The report showed that two-fifths of all deaths in 1956 occurred in NHS hospitals, with under a half of all deaths taking place in the home. Almost 46,000 cancer deaths (approximately one third of the total) took place at home and it was considered that many of these would have required continuous medical and nursing care. Similar needs were thought to be in evidence amongst some of the 121,000 who died at home from diseases of the circulatory system. Overall Glyn Hughes estimated that some 270,000 people in need of ‘skilled terminal care’ died each year outside of NHS hospitals.

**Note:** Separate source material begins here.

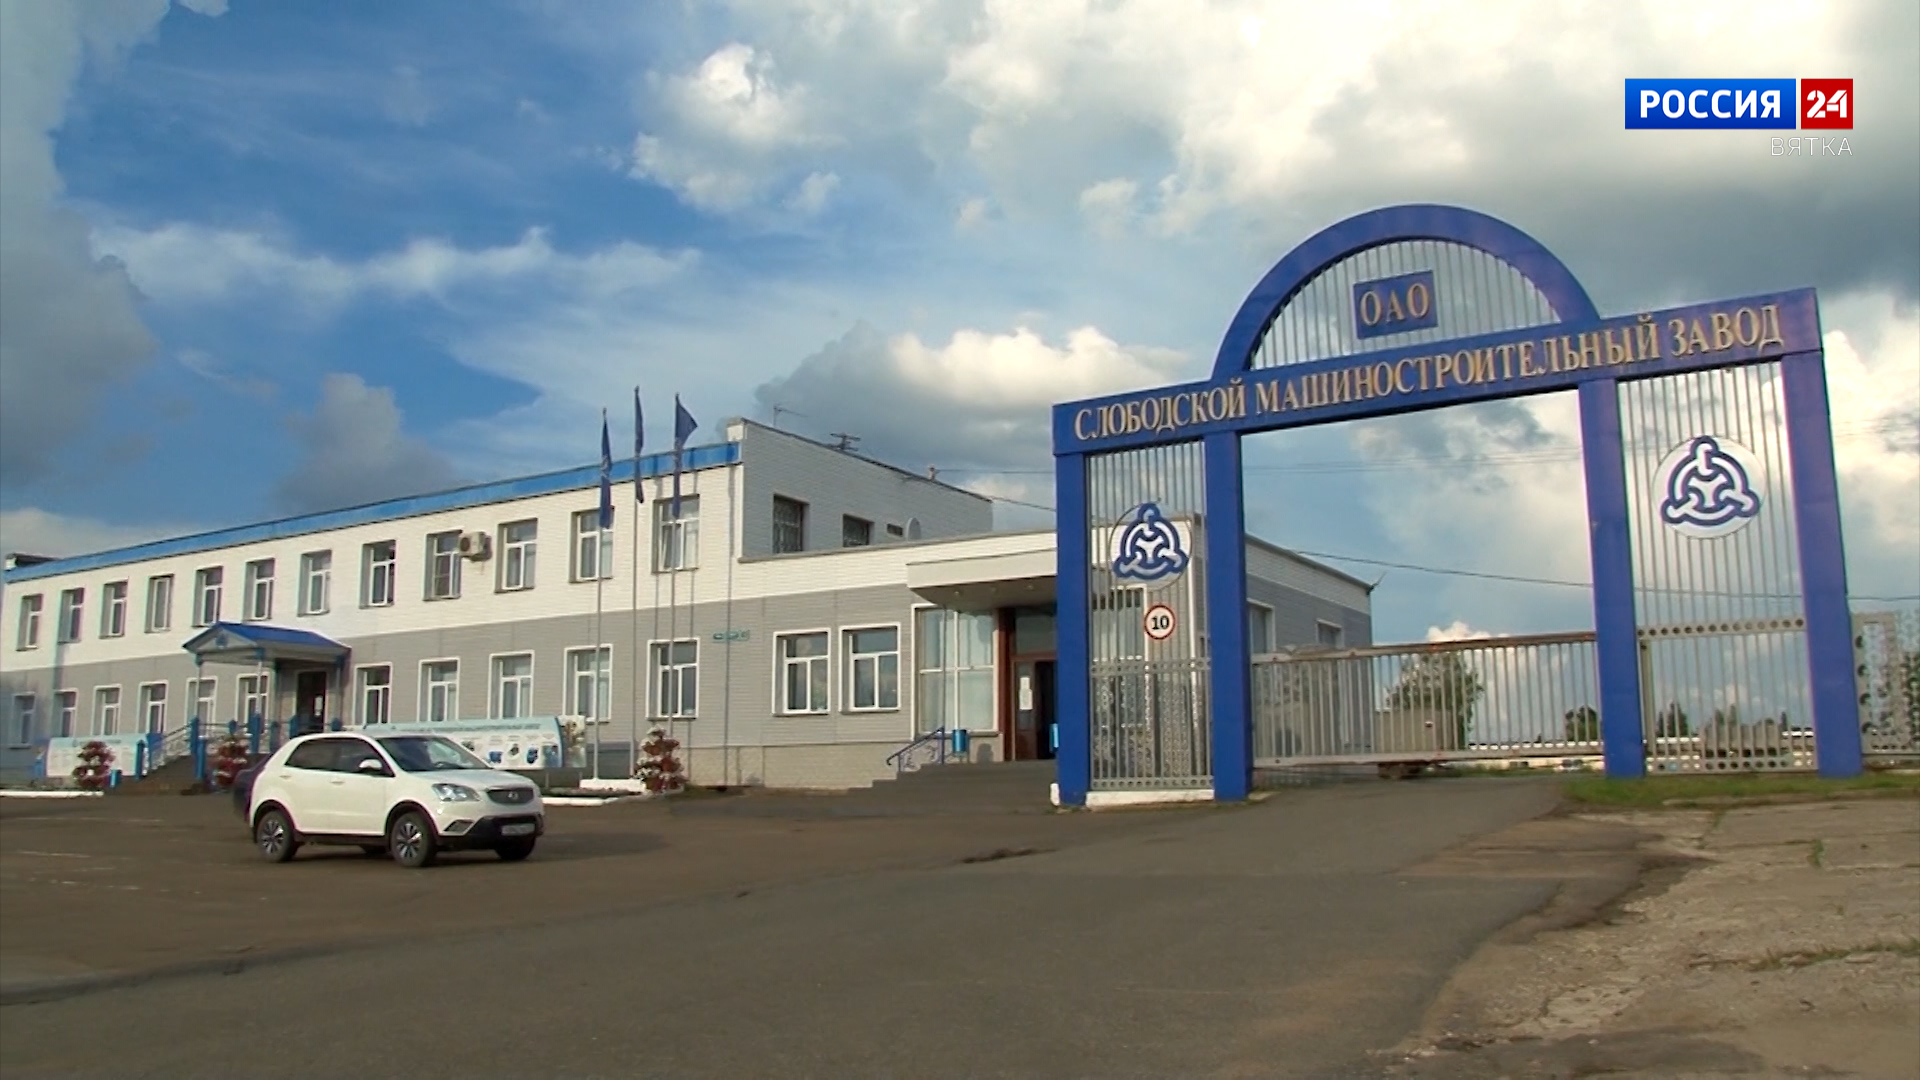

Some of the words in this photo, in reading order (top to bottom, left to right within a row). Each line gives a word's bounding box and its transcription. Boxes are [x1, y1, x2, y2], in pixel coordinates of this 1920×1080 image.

The conclusions to the report were prescient and acknowledged that ‘for a long time to come there will remain a need to make use of accommodation outside the National Health Service, both in voluntary and profit-making establishments’[ix]. By the former he referred to homes for the dying run by charitable organisations and religious orders, of which (as we have seen) only a small number existed. By the latter he made reference to the much larger number of nursing homes. Neither in his view could be given a clean bill of health. In the homes for the dying, although ‘love and devotion’ were in evidence from the staff, there were poor staff-patient ratios, a paucity of fully trained nurses, austerity, a lack of comfort and an air of financial constraint. Among the nursing homes a large proportion were deemed ‘quite unsuited to provide the terminal care of patients who, in their last stages, require the most skilled nursing attention; in fact in many of them the conditions are bad, in some cases amounting to actual neglect when measured by standards that can reasonably be expected’ [ix].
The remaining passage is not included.